* INSTRUCTIONS FOR THE TASK
Repeat each entry below exactly, omitting any picture it holds.

[AVAILABLE DATA — start]

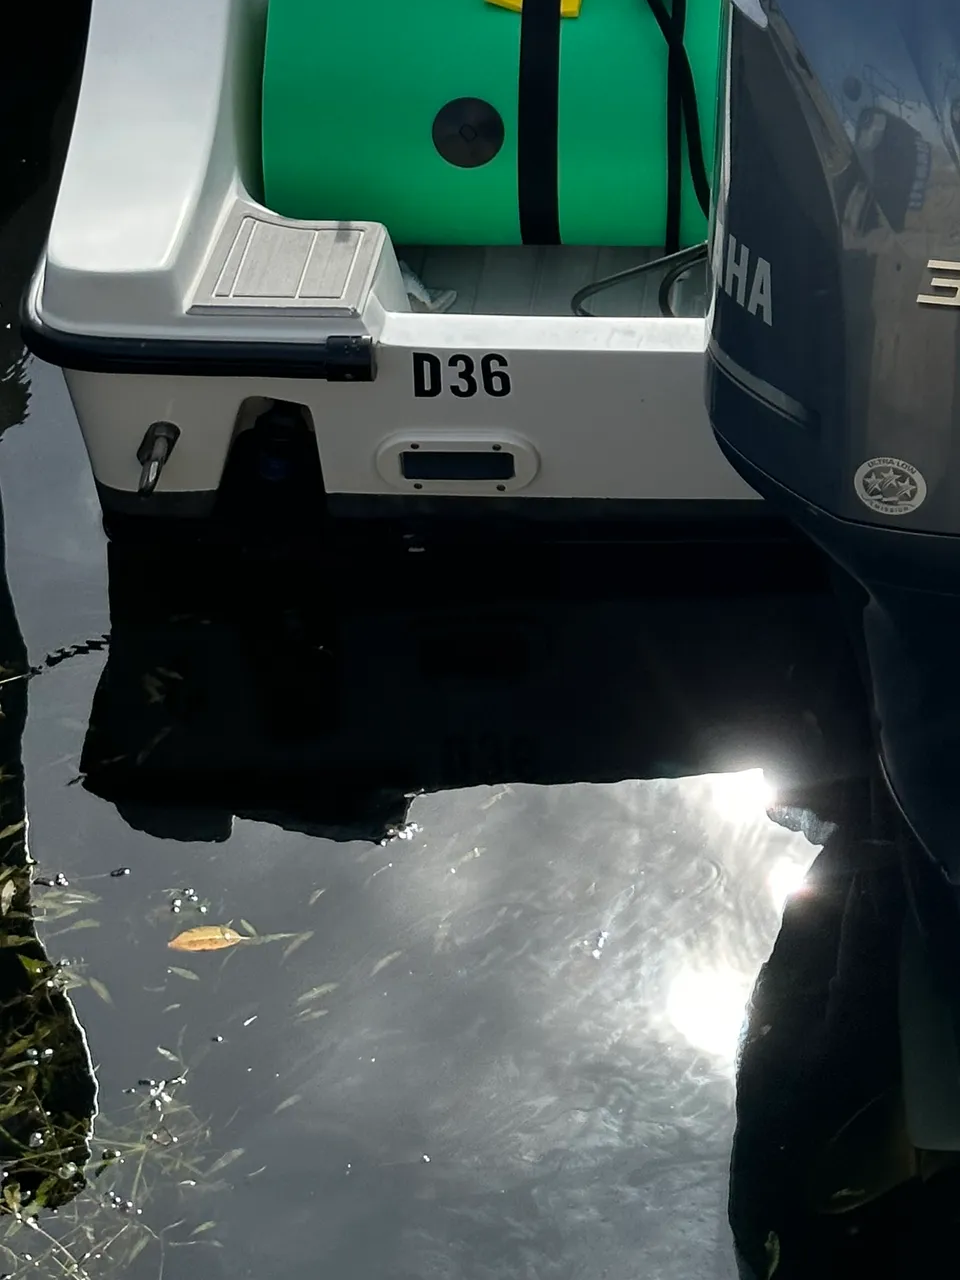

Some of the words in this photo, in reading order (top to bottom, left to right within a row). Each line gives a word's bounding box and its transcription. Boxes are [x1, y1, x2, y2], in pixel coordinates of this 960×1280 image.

[412, 352, 511, 398] D36
[867, 458, 895, 469] ULTRA
[896, 461, 917, 475] LOW
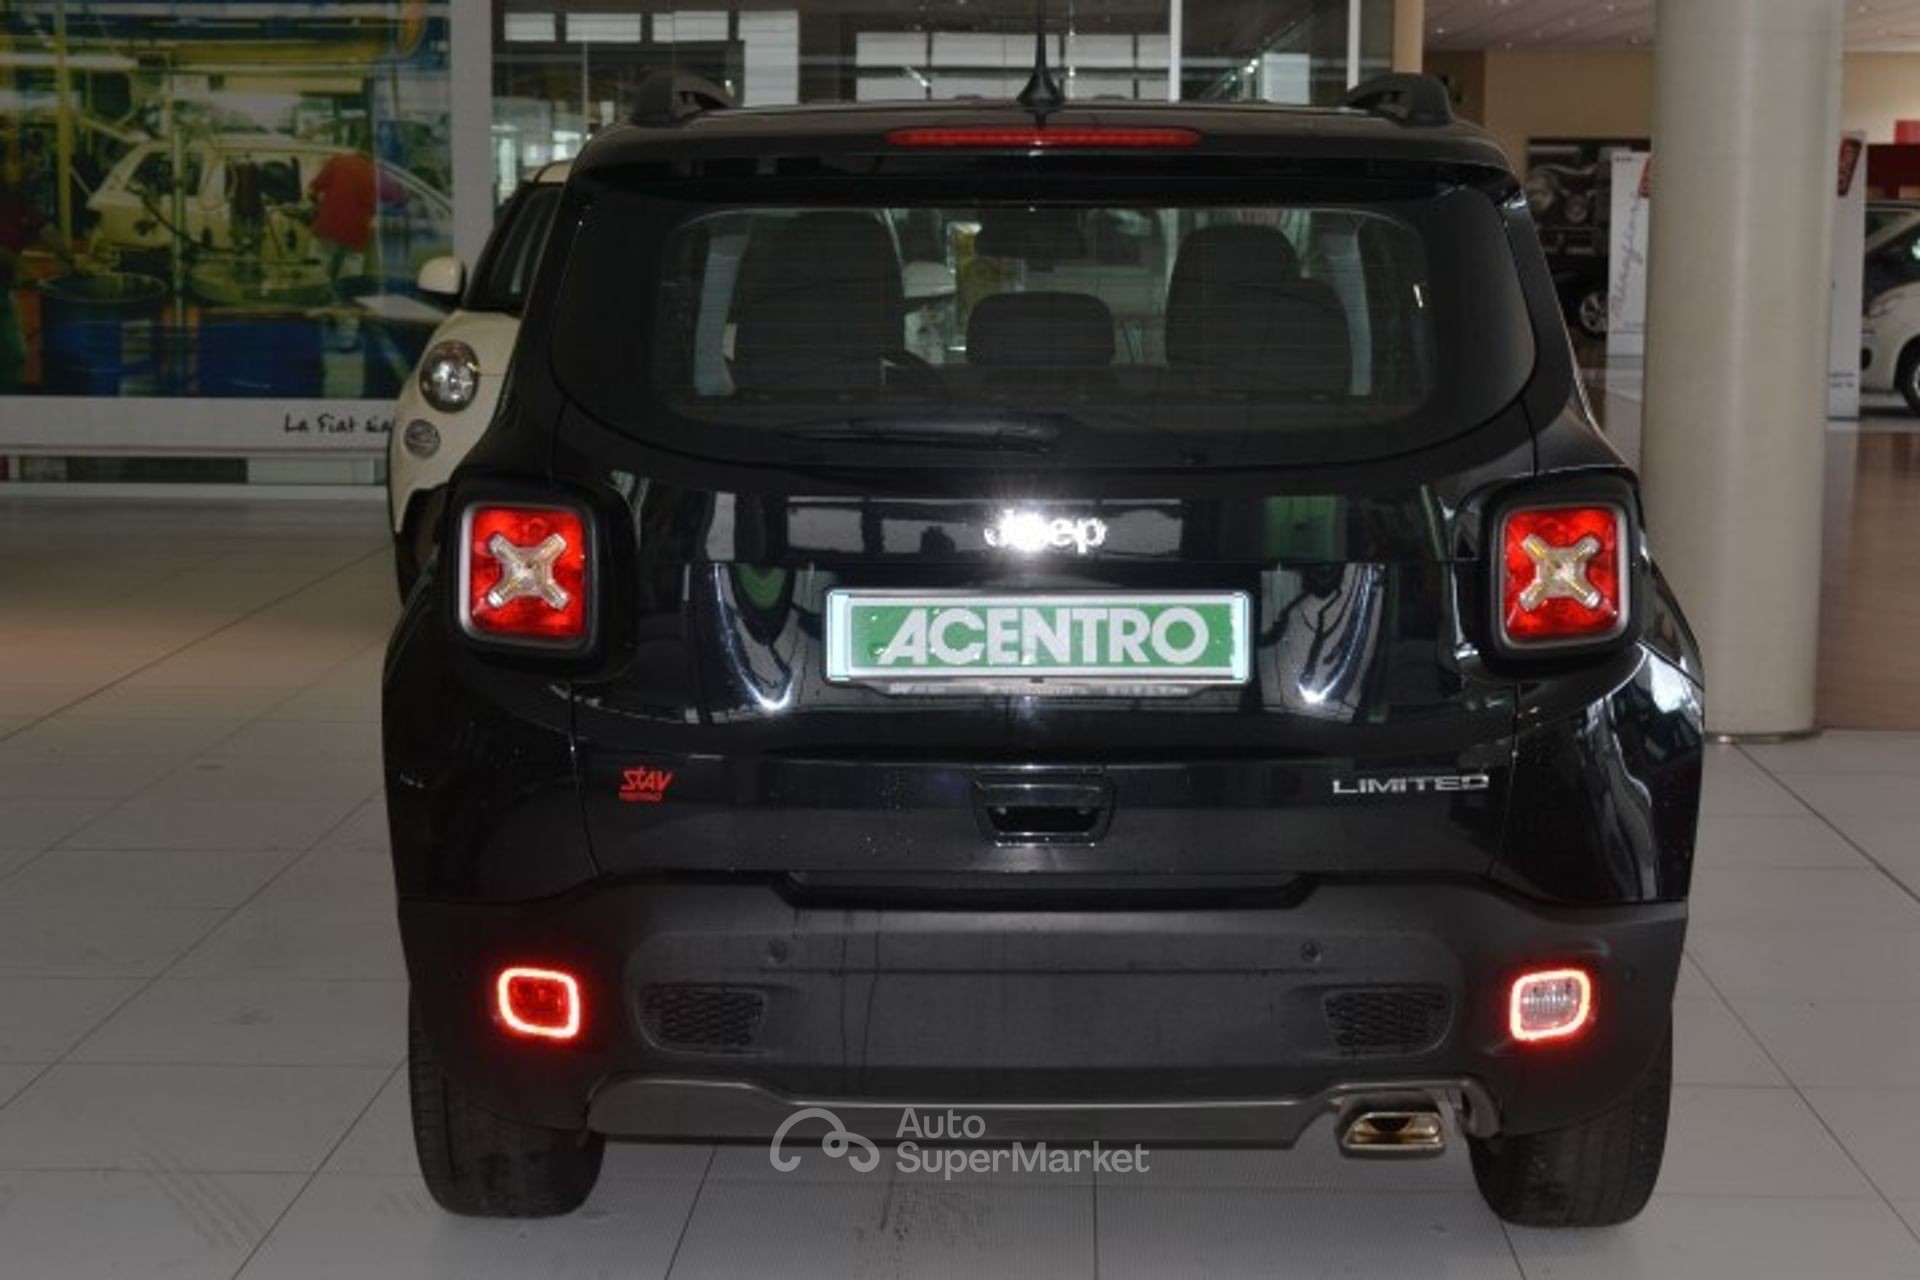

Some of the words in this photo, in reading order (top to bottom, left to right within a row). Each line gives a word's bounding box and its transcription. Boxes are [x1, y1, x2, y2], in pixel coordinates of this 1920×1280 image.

[285, 413, 309, 432] La
[317, 413, 354, 433] Fiat
[984, 509, 1107, 553] Jep
[877, 607, 1209, 665] ACENTRO
[1333, 775, 1490, 794] LIMITED

[AVAILABLE DATA — finish]

* SOLUTION BELOW
Some of the words in this photo, in reading order (top to bottom, left to right within a row). Each line gives a word's bounding box and its transcription. Boxes are [x1, y1, x2, y2], in pixel coordinates of this 960×1280 image.

[412, 352, 511, 398] D36
[867, 458, 895, 469] ULTRA
[896, 461, 917, 475] LOW

Some of the words in this photo, in reading order (top to bottom, left to right within a row). Each line gives a word's bounding box and its transcription. Boxes are [x1, y1, x2, y2], in pixel coordinates of this 1920×1280 image.

[285, 413, 309, 432] La
[317, 413, 354, 433] Fiat
[984, 509, 1107, 553] Jep
[877, 607, 1209, 665] ACENTRO
[1333, 775, 1490, 794] LIMITED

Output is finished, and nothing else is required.